Cyber Crime is Fast Becoming a Major Problem for British Firms
In 2016 cyber-attacks affected the operations of 2.9 million UK organisations at a cost of £29.1 billion. In 2017 we saw Wannacry, Petya and ZCryptor cause significant financial and reputational damage to organisations across the globe. And according to a recent UK government survey, 3% of the businesses and 19% of the charities canvassed reported a data breach or cyber-attack in the previous year.
Computer viruses and phishing emails are the most common corporate cyber threats faced by British businesses with large organisations being the preferred and more lucrative targets for cyber criminals. Successful cyber-attacks on smaller businesses seem to be less numerous but can inflict proportionally greater damage. Statistics show that roughly 60% of small businesses in the UK will close permanently within six months of a cyber-attack.
Disclosing a Cyber-Attack and the GDPR
Several high-profile cyber-attacks in 2016 and 2017 remained unreported for months while the organisations affected chose to conceal the data loss from the public. This will no longer be possible under the GDPR.
From the 25th May onwards, a data breach must be reported to the ICO within 72 hours of its discovery. The breach notification must include who has been affected, what data has been lost and what the likely outcome of the data loss may be. All these factors will inform the ICO's decision whether or not to impose a fine.
Cyber Insurance, The ICO and GDPR Penalties
In light of this, can an organisation continue to rely on its existing cyber cover (if it has any) to indemnify itself against a GDPR fine? There is no clear answer to this, so long as the question of whether an insurer has to pay a claimant following a GDPR fine remains untested in the English courts. Nevertheless, while acknowledging that each case will be different, it’s more likely than not that a GDPR fine will fall squarely within the category of statutory penalties and criminal sanctions that may not be recovered from insurers. This is essentially because regulatory fines exist for important public policy reasons.
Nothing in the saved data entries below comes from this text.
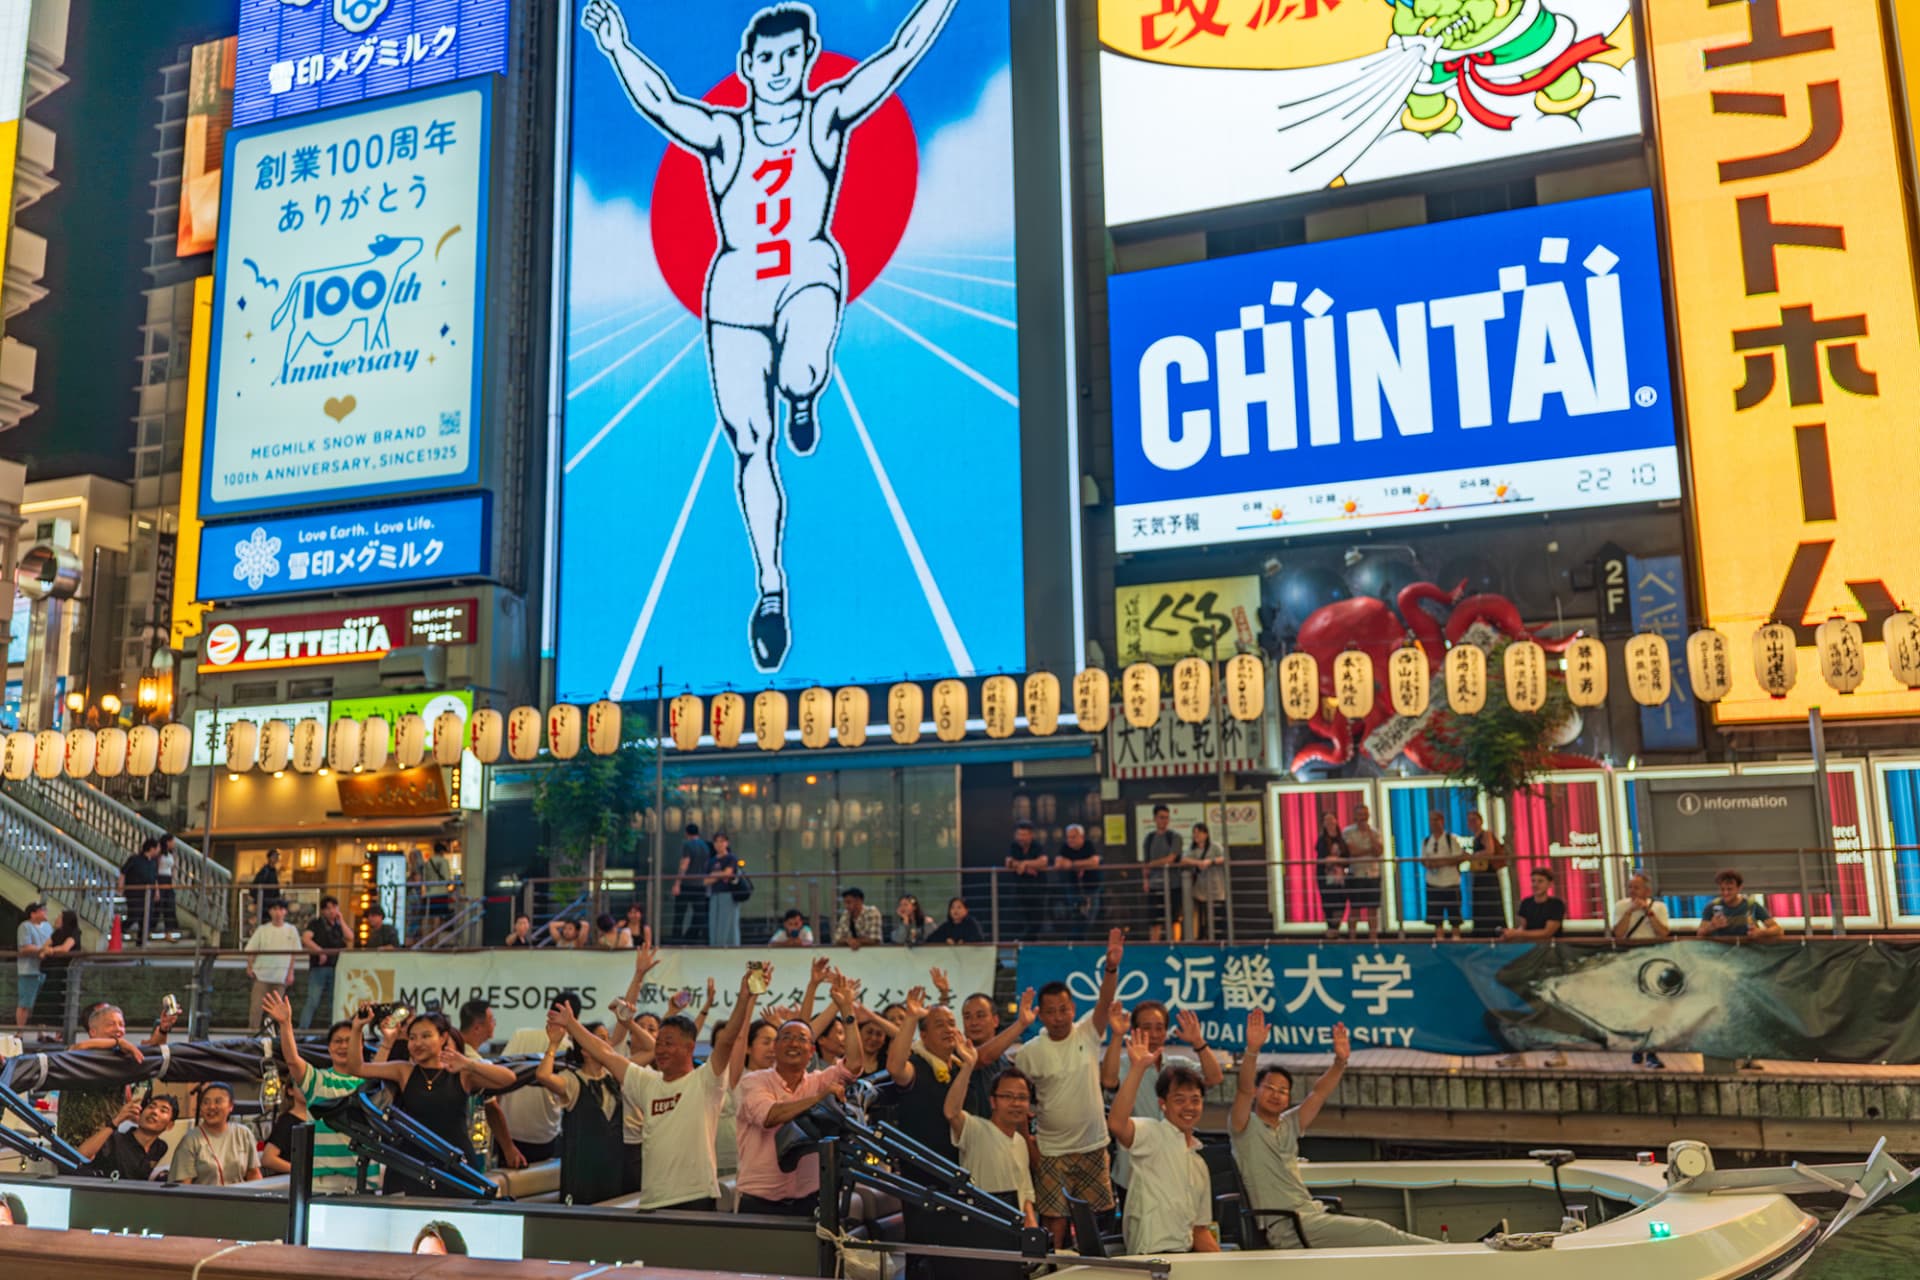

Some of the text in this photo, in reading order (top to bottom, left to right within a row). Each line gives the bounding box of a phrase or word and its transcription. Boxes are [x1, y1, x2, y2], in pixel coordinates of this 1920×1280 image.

[254, 118, 458, 191] 創業100周年
[277, 174, 428, 233] ありがとう
[751, 146, 794, 281] グリコ
[251, 424, 427, 461] MEGMILK SNOW BRAND
[223, 472, 259, 486] 100th
[1577, 462, 1657, 492] 22 10
[298, 515, 435, 544] Love Earth. Love Life.
[1132, 513, 1201, 537] 天気予報
[288, 537, 444, 580] 雪印メグミルク
[1143, 591, 1232, 650] くくる
[243, 624, 391, 662] ZETTERIA
[1703, 794, 1788, 809] information
[399, 985, 461, 1010] MGM
[1163, 952, 1414, 1016] 近畿大学
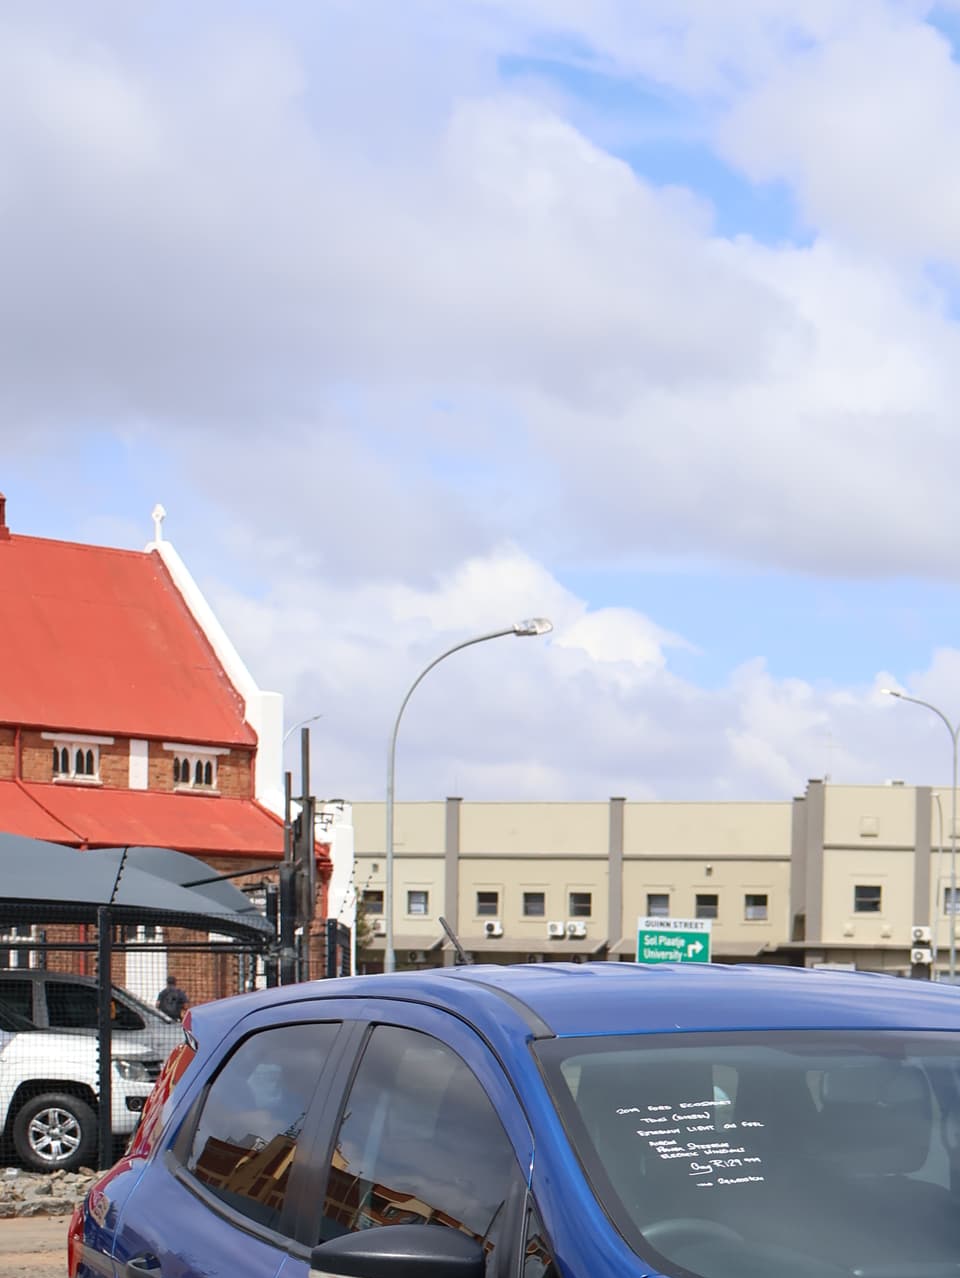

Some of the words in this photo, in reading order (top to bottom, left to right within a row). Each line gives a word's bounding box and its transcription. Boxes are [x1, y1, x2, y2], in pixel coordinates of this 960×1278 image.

[644, 920, 671, 928] QUINN
[673, 921, 704, 929] STREET
[644, 935, 657, 946] Sol
[658, 935, 686, 949] Plaatje
[643, 948, 682, 962] University
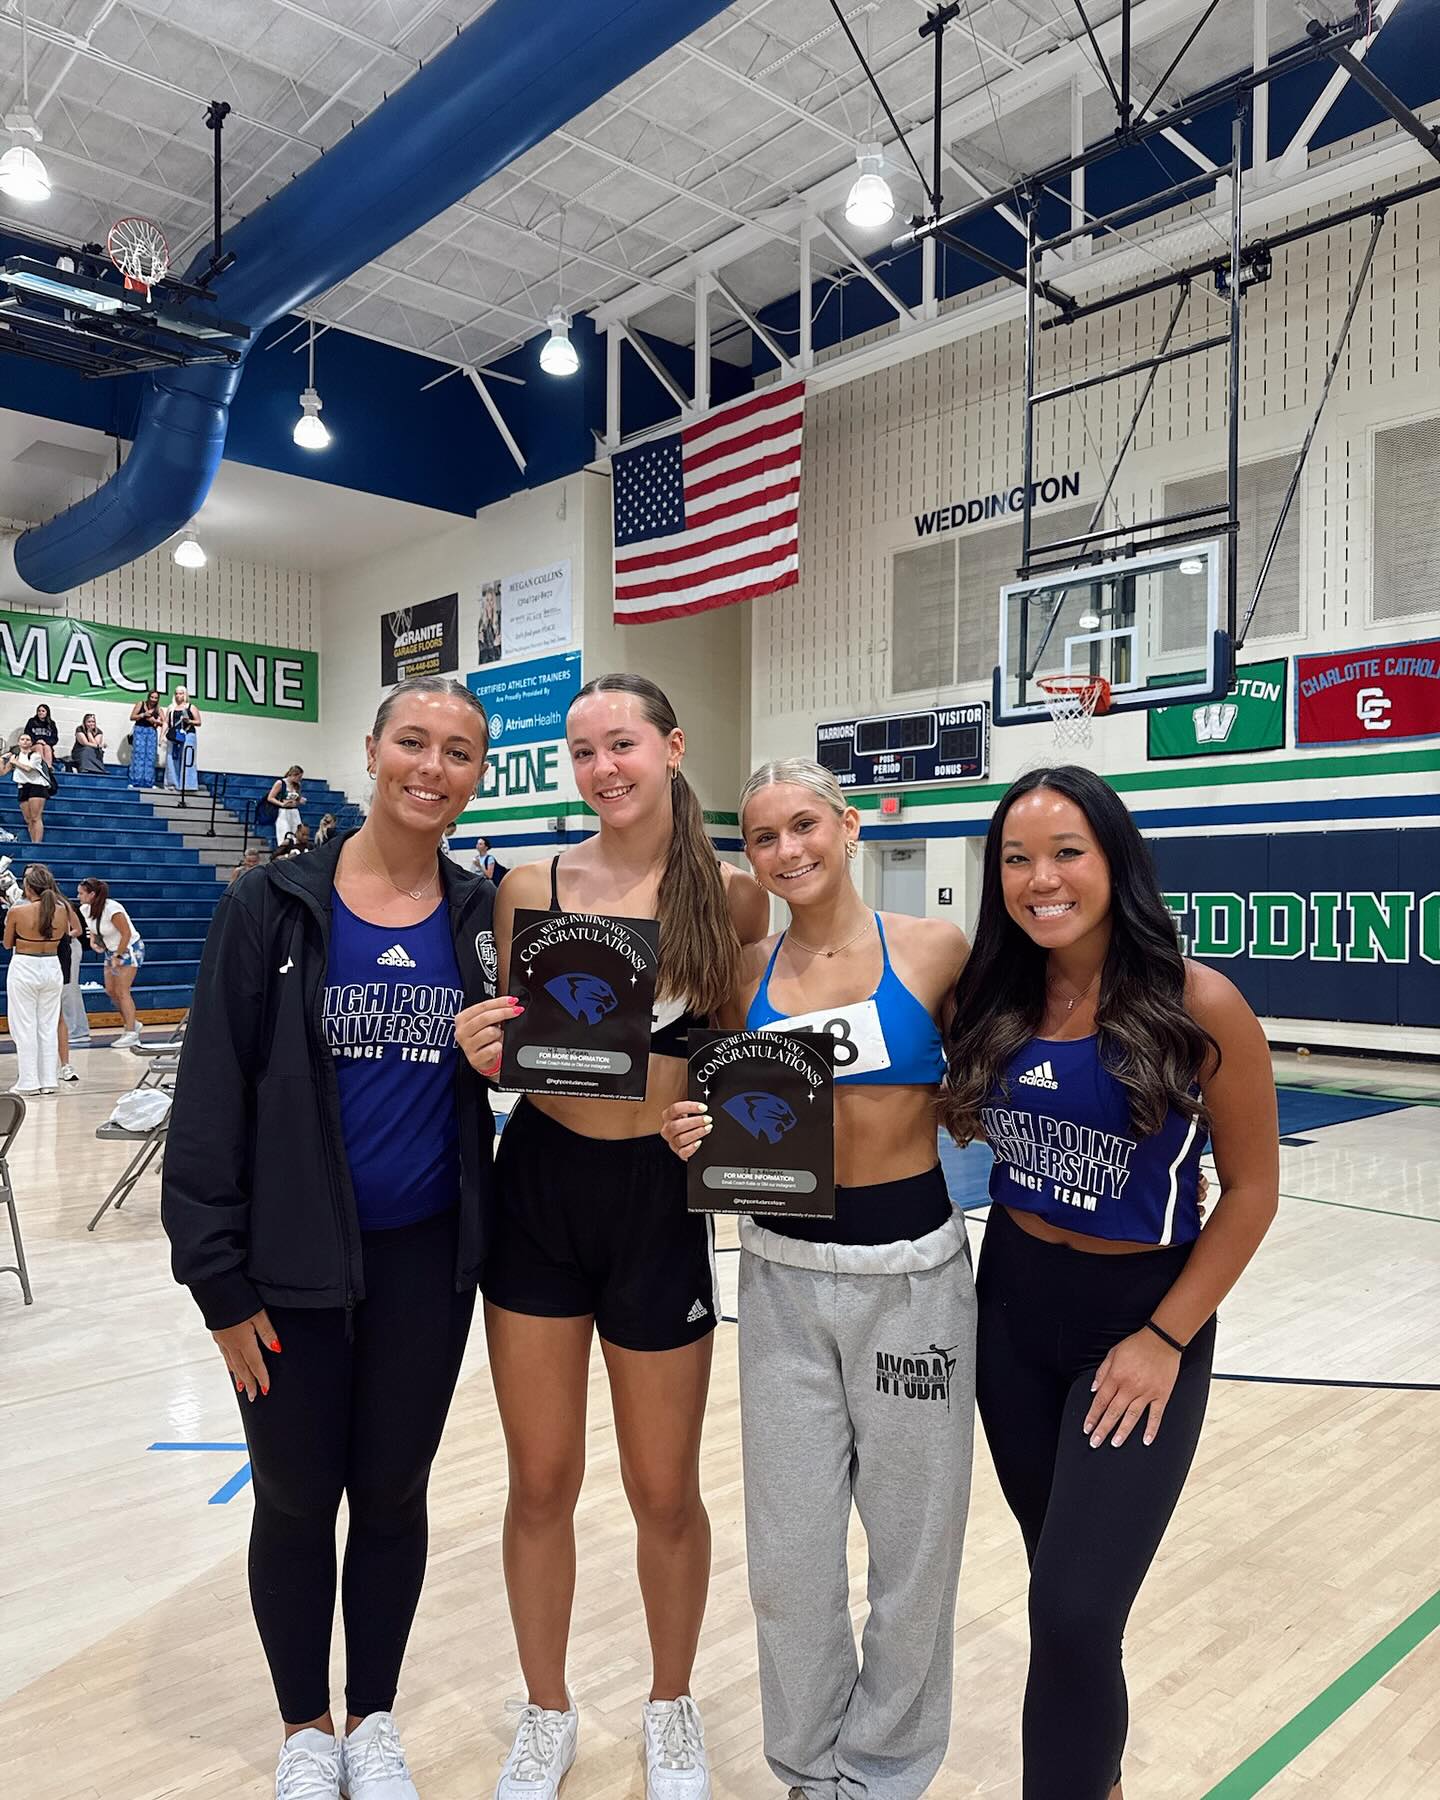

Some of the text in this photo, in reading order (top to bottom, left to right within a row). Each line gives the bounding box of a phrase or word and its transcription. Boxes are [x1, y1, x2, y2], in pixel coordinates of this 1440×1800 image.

[914, 472, 1080, 537] WEDDINGTON
[533, 568, 563, 586] COLLINS
[393, 637, 443, 658] GARAGE FLOORS
[401, 622, 443, 647] GRANITE
[0, 620, 304, 709] MACHINE
[476, 670, 571, 697] CERTIFIED ATHLETIC TRAINERS
[1300, 659, 1381, 698] CHARLOTTE
[495, 687, 550, 703] Are Proudly Provided By
[938, 708, 982, 727] VISITOR
[1192, 704, 1238, 744] W
[818, 724, 855, 741] WARRIORS
[873, 762, 901, 775] PERIOD
[879, 754, 895, 763] POSS
[934, 764, 962, 776] BONUS
[568, 914, 611, 929] INVITING
[610, 921, 631, 941] YOU!
[376, 957, 416, 968] adidas
[520, 927, 647, 972] CONGRATULATIONS!
[322, 983, 388, 1018] IGH
[392, 983, 464, 1017] POIN
[322, 1013, 459, 1049] NIVERSIT
[740, 1031, 784, 1045] INVITING
[783, 1038, 805, 1057] YOU!
[788, 1018, 859, 1067] 8
[331, 1045, 441, 1064] DANCE TEAM
[539, 1052, 552, 1060] FOR
[552, 1053, 570, 1061] MORE
[697, 1045, 823, 1088] CONGRATULATIONS!
[1018, 1074, 1059, 1091] adidas
[1039, 1116, 1137, 1169] POINT
[1009, 1166, 1098, 1211] DANCE TEAM
[687, 1307, 708, 1322] adidas
[876, 1351, 946, 1400] NYCDA
So, if the ICO deems an organisation’s failure to protect its data is significant enough to deserve a hefty fine, a court will also likely view it as ‘reprehensible’ enough to prevent the company from recovering the cost of the fine from its insurers. The victims here are, after all, the individuals whose data has been compromised, not the organisation being sanctioned by the ICO.
That said, costs associated with defending or appealing investigations from the ICO may be covered by a policy, and insurers might choose to pay out an amount in relation to a fine. The real commercial value, however, in having adequate cyber insurance lies in the guidance and expertise your insurer can provide, especially when it comes to responding to a data breach. Cyber policies, by and large, cover systems failure and data restoration, as well as third-party claims for damages for lost data, or breaches of security and privacy. They may also cover extortion money paid to cyber criminals following, for example, a ransomware attack.
There is No Safety Net When it Comes to Non-Compliance
Ultimately, relying on cyber insurance to indemnify your organisation against a GDPR fine is not the right strategy to adopt. Instead, you should make sure you have a robust data protection policy in place, alongside adequate cyber cover and know in detail what the GDPR requires, so you can remain on the right side of the ICO, the GDPR, and those headline-grabbing fines.